R: Il componente Pseudoefedrina è classificato come agente simpaticomimetico, che può avere effetti stimolanti. Le reazioni avverse elencate ufficialmente includono nervosismo e insonnia (difficoltà a dormire). Questi effetti sono correlati all'influenza del farmaco sul sistema nervoso centrale e, pertanto, possono influire sulla vigilanza mentale.


D: Ibucold può essere usato per il dolore cronico?

R: Le linee guida regolatorie per questo medicinale limitano la durata massima del trattamento a un breve periodo, in genere 4 giorni per gli adulti e 3 giorni per gli adolescenti. Questa limitazione suggerisce che il prodotto è destinato al sollievo temporaneo dei sintomi acuti del raffreddore e non è adatto alla gestione del dolore cronico o a lungo termine.


D: Ci sono effetti collaterali noti a lungo termine associati a Ibucold?

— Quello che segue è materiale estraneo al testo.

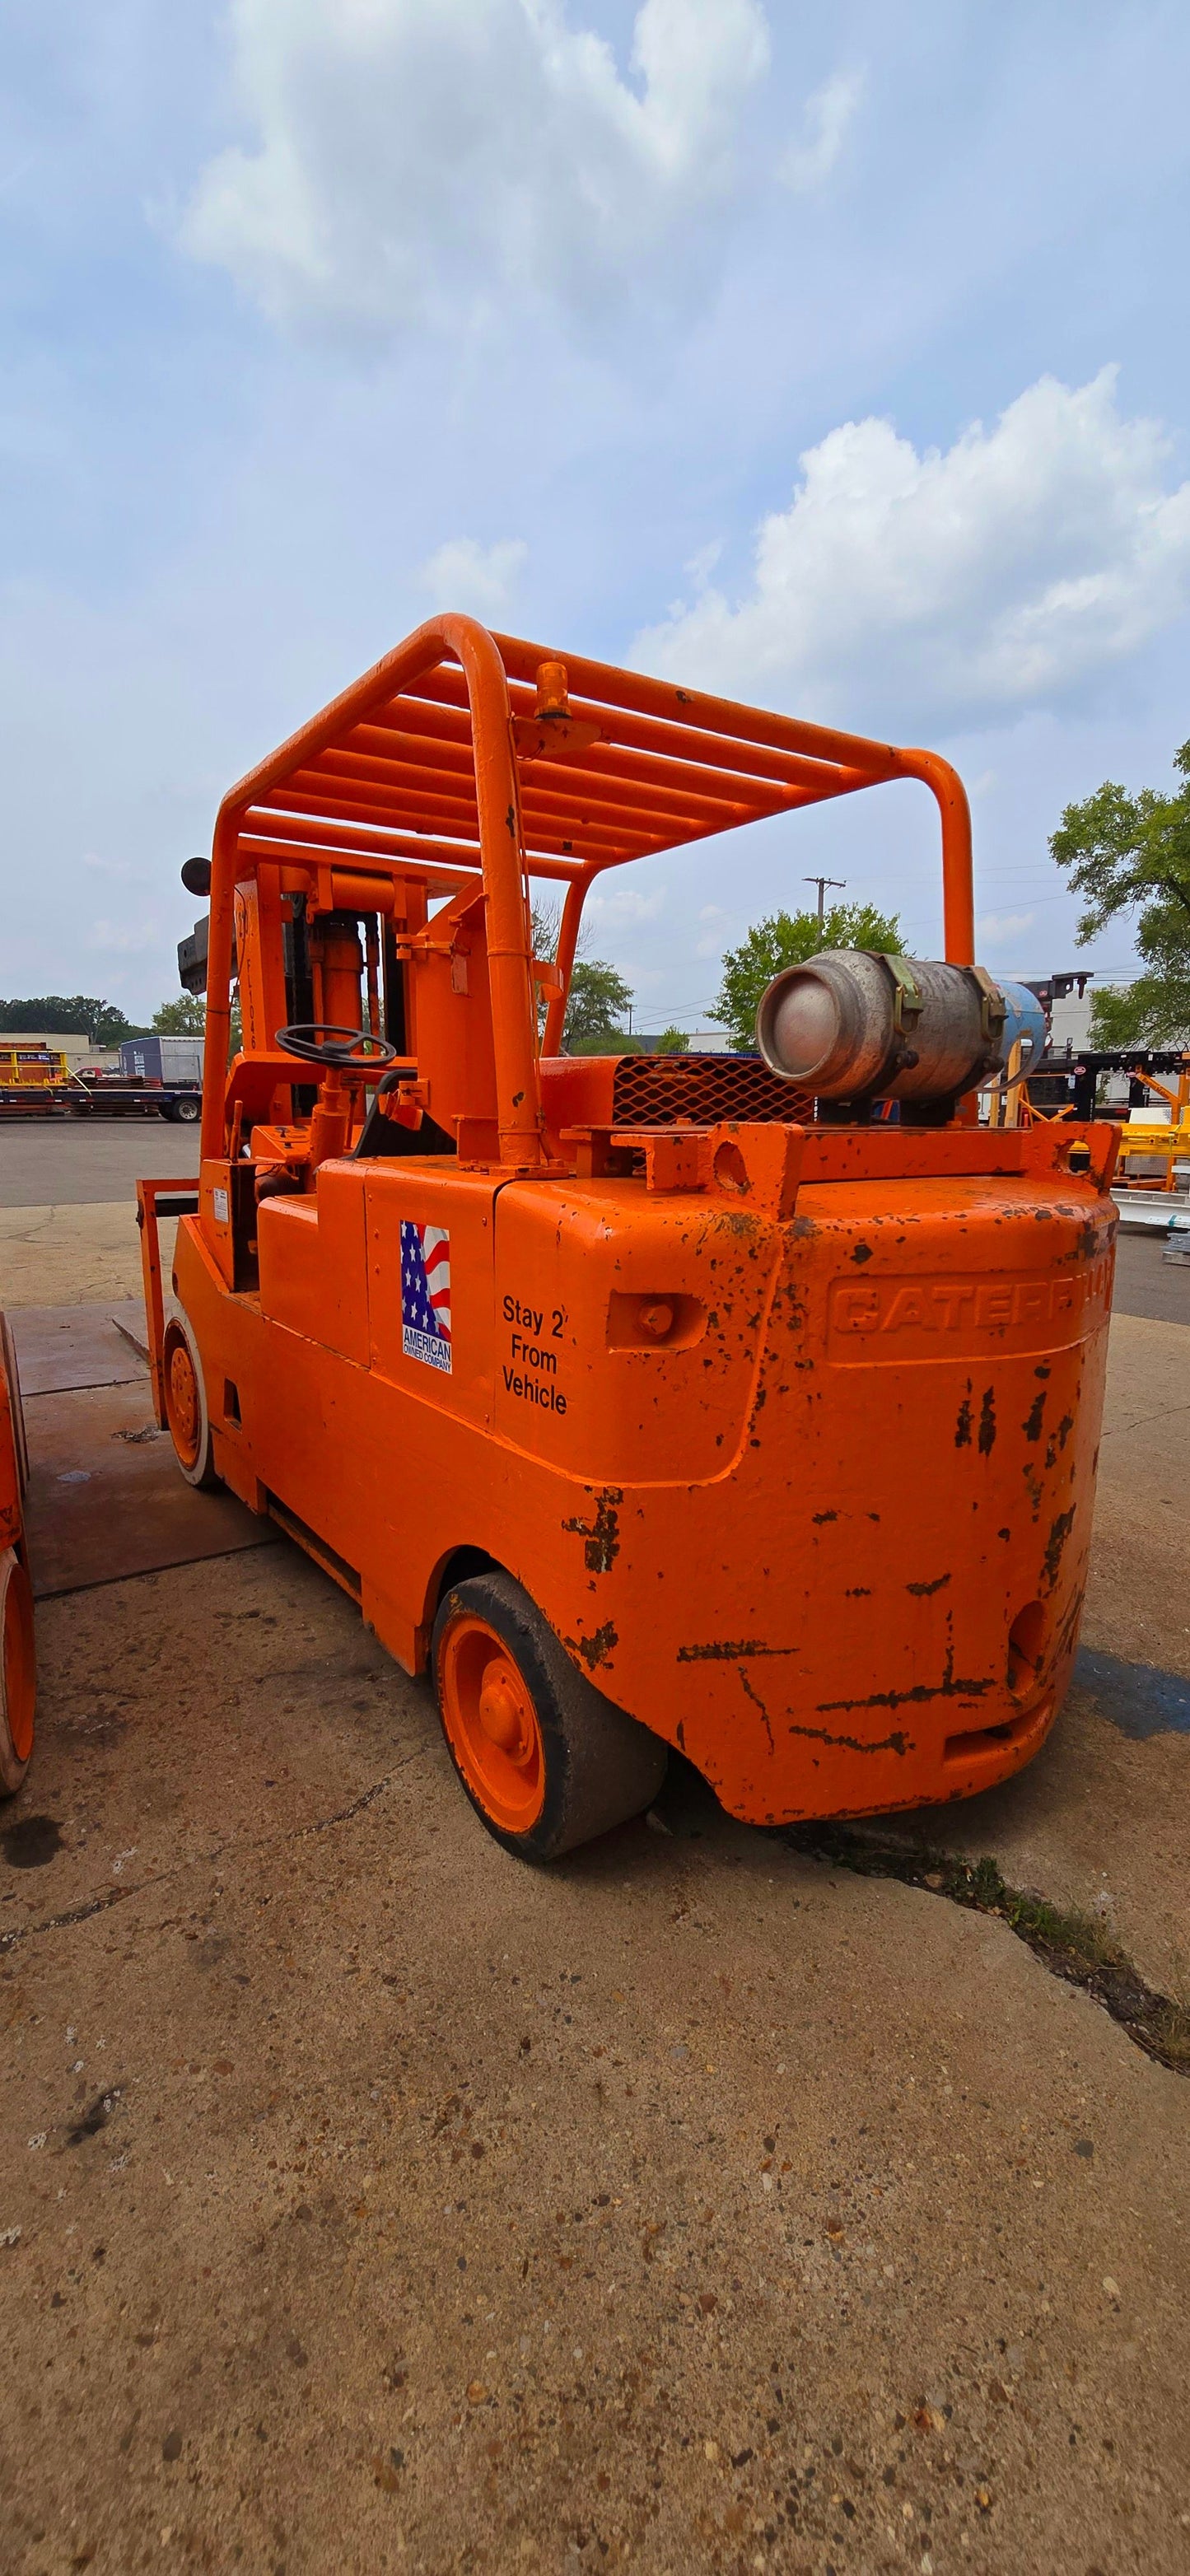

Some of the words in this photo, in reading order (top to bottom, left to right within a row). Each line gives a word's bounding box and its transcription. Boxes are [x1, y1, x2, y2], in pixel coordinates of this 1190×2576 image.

[503, 1295, 544, 1337] Stay
[404, 1328, 451, 1362] AMERICAN
[404, 1344, 423, 1360] OWNED
[423, 1352, 451, 1373] COMPANY
[511, 1333, 557, 1374] From
[503, 1365, 567, 1416] Vehicle
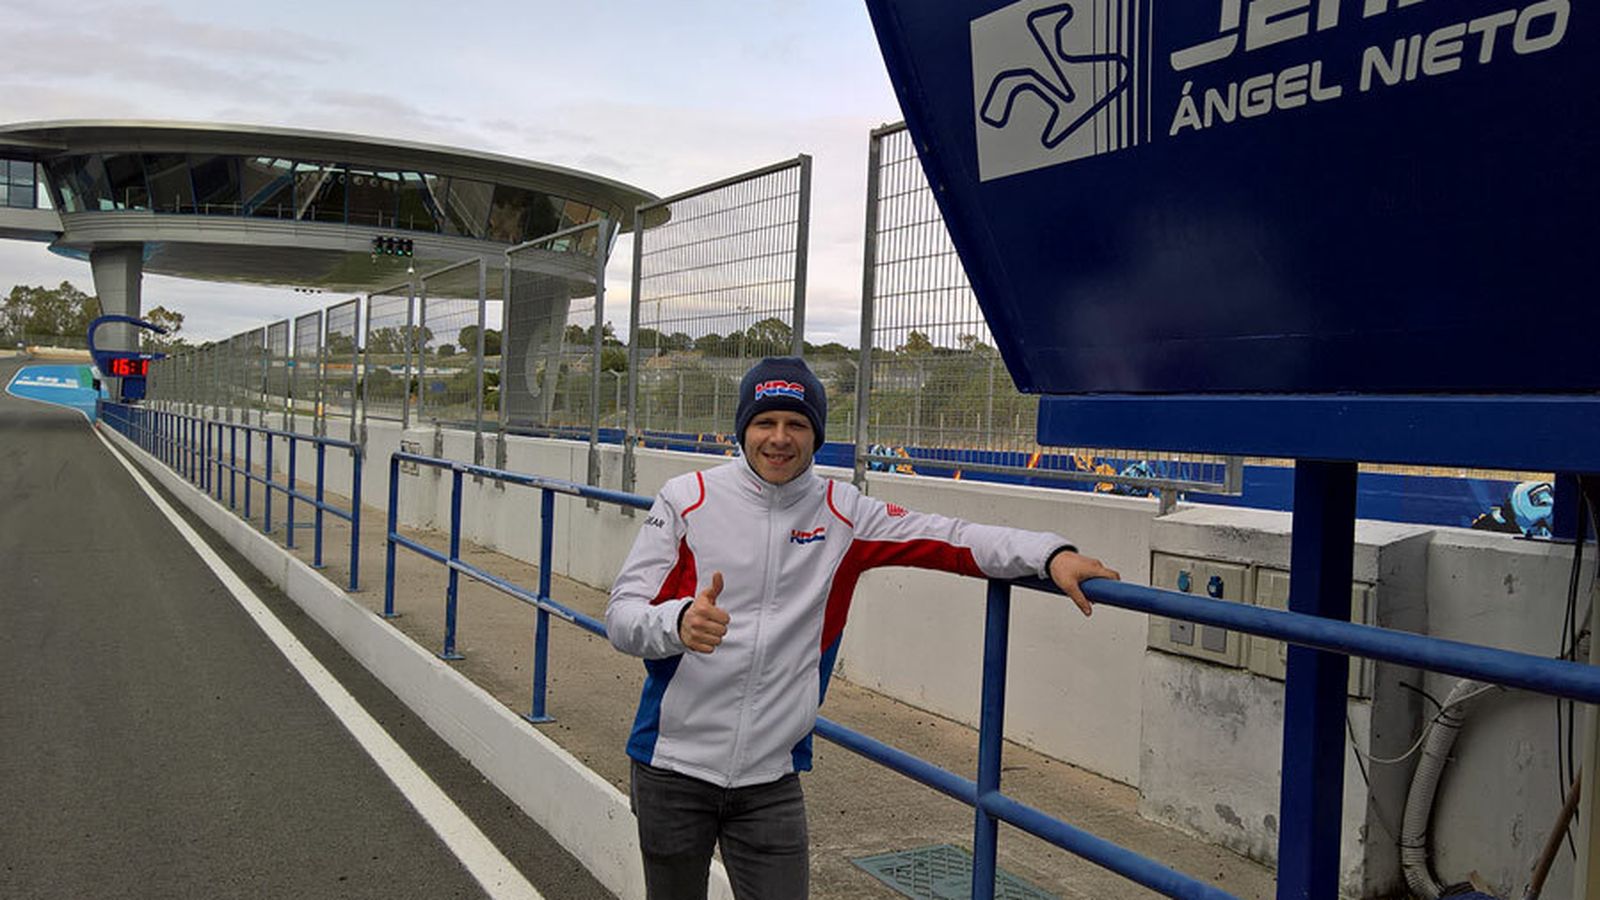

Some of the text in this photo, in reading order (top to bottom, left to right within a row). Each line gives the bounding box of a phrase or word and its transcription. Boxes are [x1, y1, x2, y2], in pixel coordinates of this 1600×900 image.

[1169, 0, 1571, 136] ÁNGEL NIETO
[755, 380, 805, 401] HRC
[790, 527, 826, 545] HRC
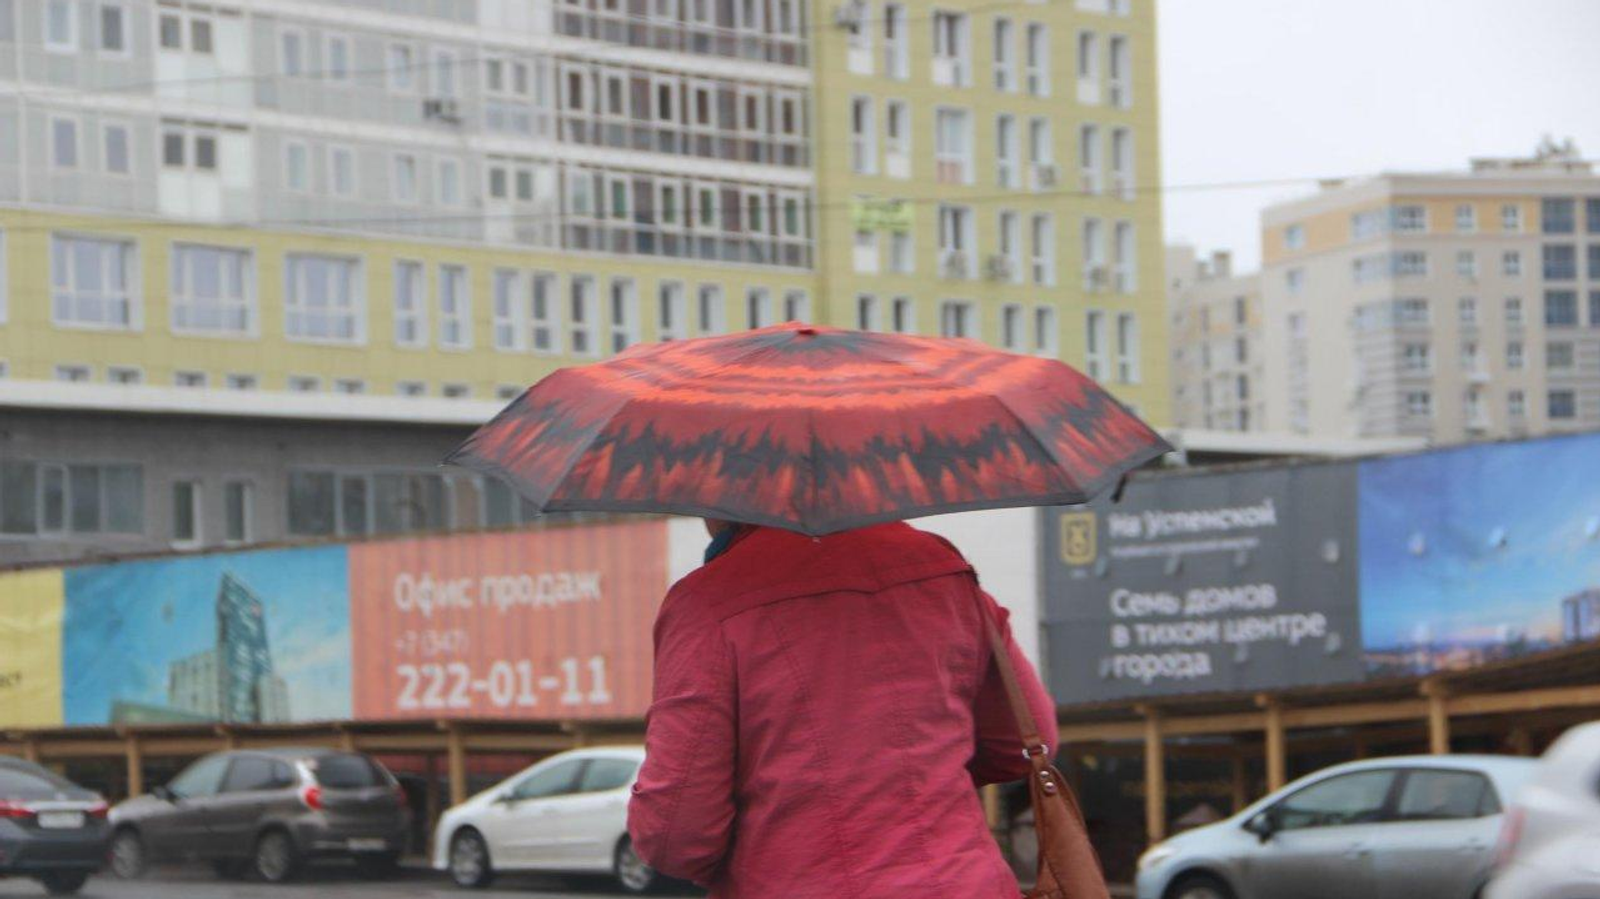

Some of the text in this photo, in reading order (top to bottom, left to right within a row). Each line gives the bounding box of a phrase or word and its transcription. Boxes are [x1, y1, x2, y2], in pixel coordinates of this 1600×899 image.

R: Le avvertenze regolatorie sottolineano che il rischio di effetti gravi documentati è aumentato quando il medicinale viene utilizzato a dosi elevate o per lunghi periodi. Questi effetti gravi includono il potenziale di sanguinamento gastrointestinale ed eventi trombotici arteriosi (come infarto o ictus), come indicato nelle informazioni ufficiali sulla sicurezza.


D: È vero che Ibucold potrebbe mascherare i sintomi di un'infezione grave?

R: Sì, i documenti regolatori ufficiali affermano che il medicinale può potenzialmente mascherare i sintomi di un'infezione sottostante. Questo effetto mascherante può portare a un ritardo nel riconoscimento e nel trattamento di un'infezione grave, il che potrebbe peggiorare l'esito complessivo della salute. Questa è una comune avvertenza di sicurezza associata ai medicinali per ridurre la febbre.

Come deve essere conservato e smaltito Ibucold?

Conservazione e Smaltimento di Ibucold

Le istruzioni per la conservazione e lo smaltimento di Ibucold (Ibuprofene e Pseudoefedrina) sono definite rigorosamente dalle linee guida regolatorie per assicurare la stabilità e la sicurezza del prodotto.

Requisiti di Conservazione

Ibucold deve essere conservato a una temperatura ambiente controllata, generalmente compresa tra i 20 °C e i 25 °C (68 °F e 77 °F). Il prodotto deve essere mantenuto nel suo contenitore originale con il tappo ben chiuso per proteggerlo dall'umidità e dal calore eccessivo. È severamente richiesto che il medicinale non venga congelato. Come regola di sicurezza universale, Ibucold deve essere conservato fuori dalla vista e dalla portata dei bambini.

Istruzioni per lo Smaltimento

Ibucold scaduto o non utilizzato deve essere smaltito attraverso un programma locale di ritiro farmaci o un punto di raccolta autorizzato. Se non è disponibile alcun programma di ritiro, il medicinale può essere smaltito nei rifiuti domestici seguendo la procedura regolatoria: mescolare il farmaco con una sostanza indesiderabile, sigillarlo in un contenitore ed evitare perdite. Il medicinale non deve essere gettato nel WC o versato in un lavandino.

Attenzione! Consultare sempre un medico o un farmacista prima di utilizzare pillole o medicinali.